PROBLEM REQUIREMENTS: An exact copy of the entries below is needed, with every picture left out.

#### EXERCISE DATA

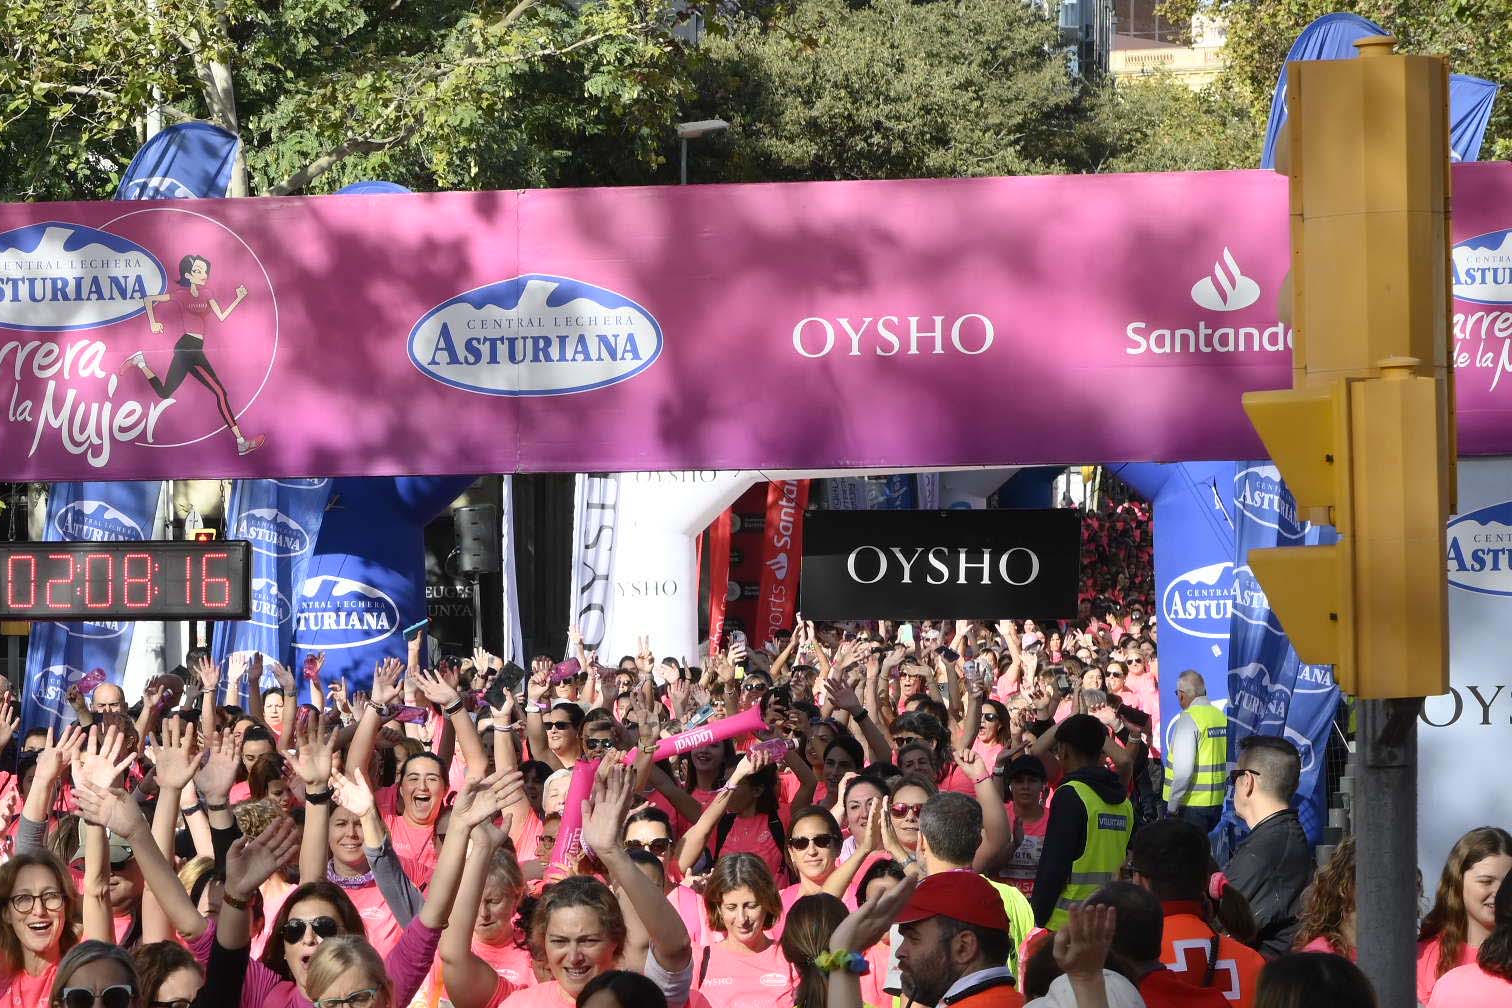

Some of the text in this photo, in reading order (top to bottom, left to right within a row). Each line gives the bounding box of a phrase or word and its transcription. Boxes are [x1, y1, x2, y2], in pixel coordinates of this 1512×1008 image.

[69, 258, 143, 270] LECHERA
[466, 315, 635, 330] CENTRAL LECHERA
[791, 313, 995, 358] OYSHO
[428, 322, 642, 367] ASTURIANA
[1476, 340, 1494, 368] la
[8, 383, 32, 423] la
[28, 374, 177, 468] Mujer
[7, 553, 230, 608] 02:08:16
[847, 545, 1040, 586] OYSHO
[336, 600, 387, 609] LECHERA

########

RESULT FOR THIS TASK:
Some of the text in this photo, in reading order (top to bottom, left to right within a row). Each line gives the bounding box of a phrase or word and its transcription. Boxes are [x1, y1, x2, y2], in pixel coordinates of this 1512×1008 image.

[69, 258, 143, 270] LECHERA
[466, 315, 635, 330] CENTRAL LECHERA
[791, 313, 995, 358] OYSHO
[428, 322, 642, 367] ASTURIANA
[1476, 340, 1494, 368] la
[8, 383, 32, 423] la
[28, 374, 177, 468] Mujer
[7, 553, 230, 608] 02:08:16
[847, 545, 1040, 586] OYSHO
[336, 600, 387, 609] LECHERA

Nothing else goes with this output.